Start to finish, write out the entries exactly, leaving the pictures aside.

[Spatial localization data]
━━━━━━━━━━━━━━━━━━━━

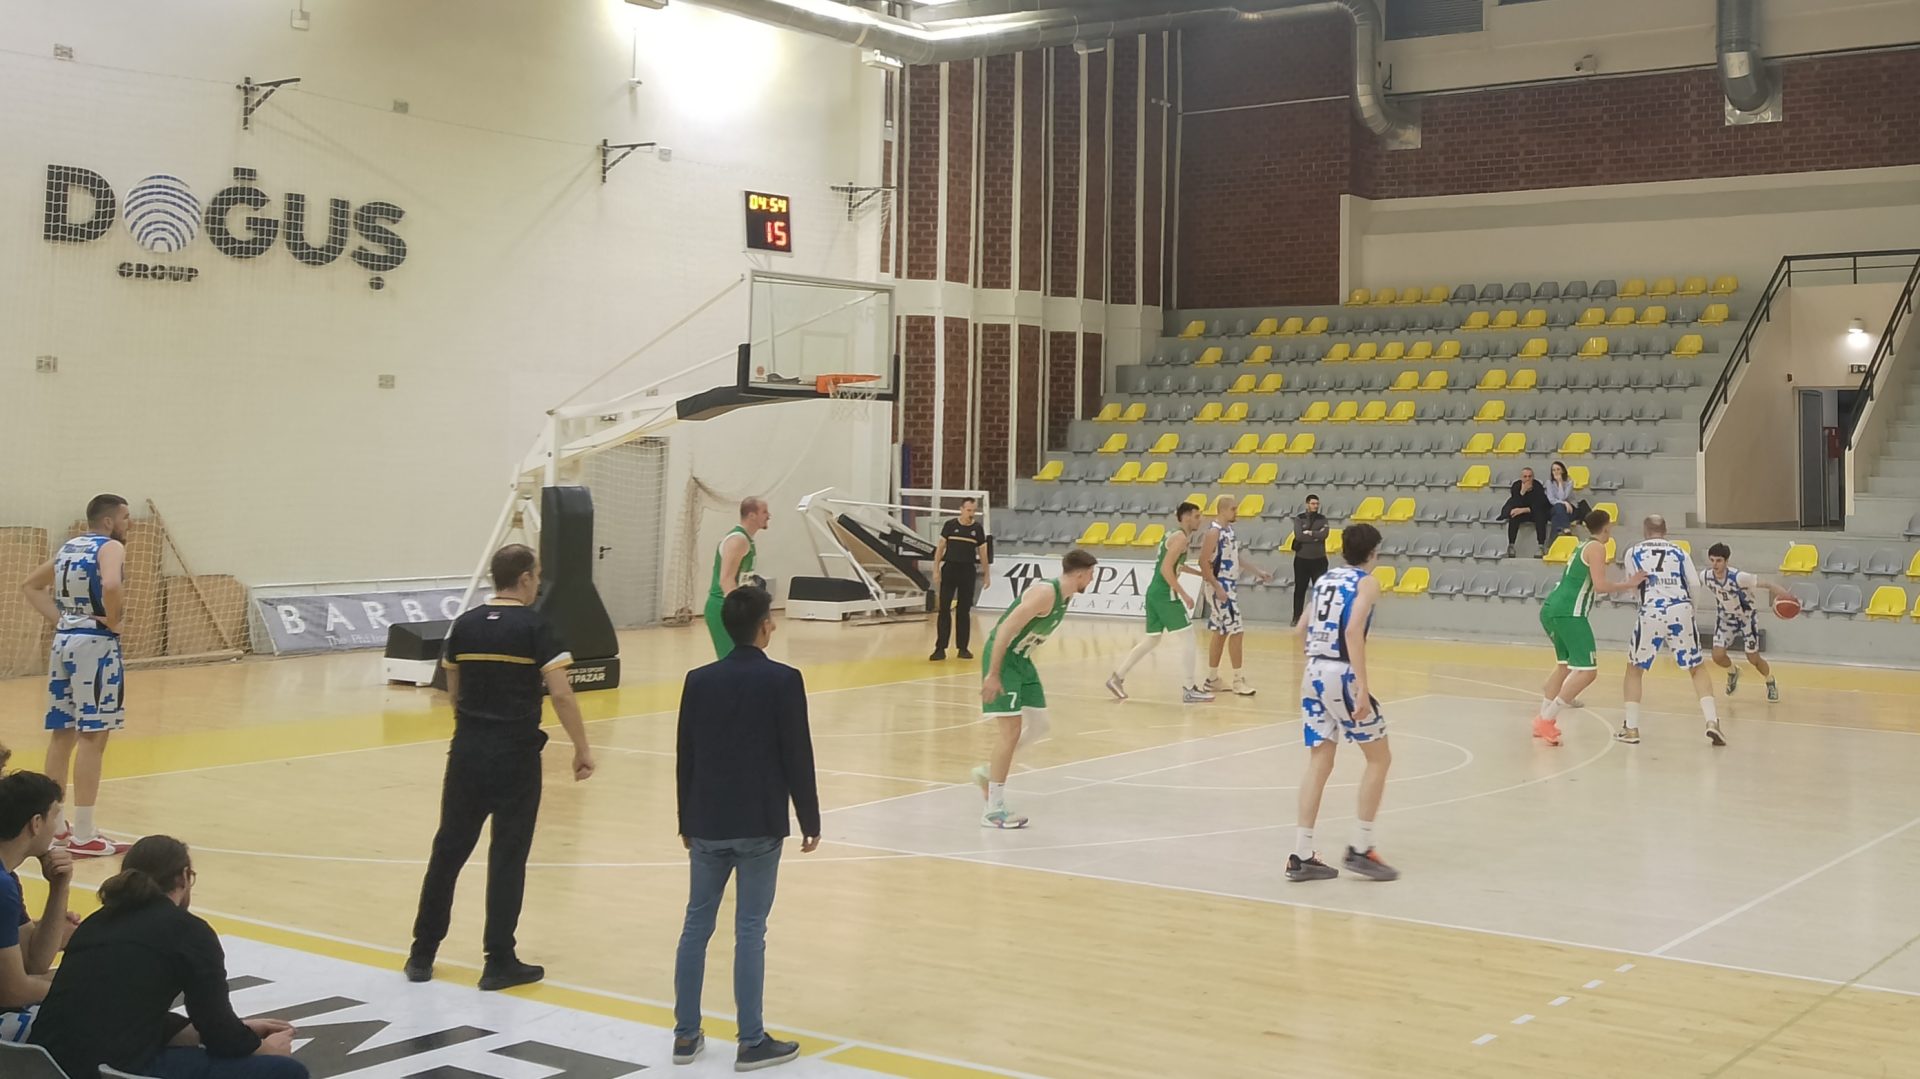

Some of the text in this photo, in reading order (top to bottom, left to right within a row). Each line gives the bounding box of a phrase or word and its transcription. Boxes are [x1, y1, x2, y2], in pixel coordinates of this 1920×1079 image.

[44, 164, 408, 291] DOĞUŞ
[766, 221, 787, 246] 15
[117, 262, 200, 282] GROUP
[1651, 549, 1667, 573] 7
[1090, 566, 1144, 597] PA
[574, 673, 606, 684] PAZAR
[1007, 691, 1018, 709] 7

━━━━━━━━━━━━━━━━━━━━

SOLUTION FOR THIS PROBLEM:
Some of the text in this photo, in reading order (top to bottom, left to right within a row). Each line gives the bounding box of a phrase or word and its transcription. Boxes are [x1, y1, x2, y2], in pixel coordinates of this 1920×1079 image.

[44, 164, 408, 291] DOĞUŞ
[766, 221, 787, 246] 15
[117, 262, 200, 282] GROUP
[1651, 549, 1667, 573] 7
[1090, 566, 1144, 597] PA
[574, 673, 606, 684] PAZAR
[1007, 691, 1018, 709] 7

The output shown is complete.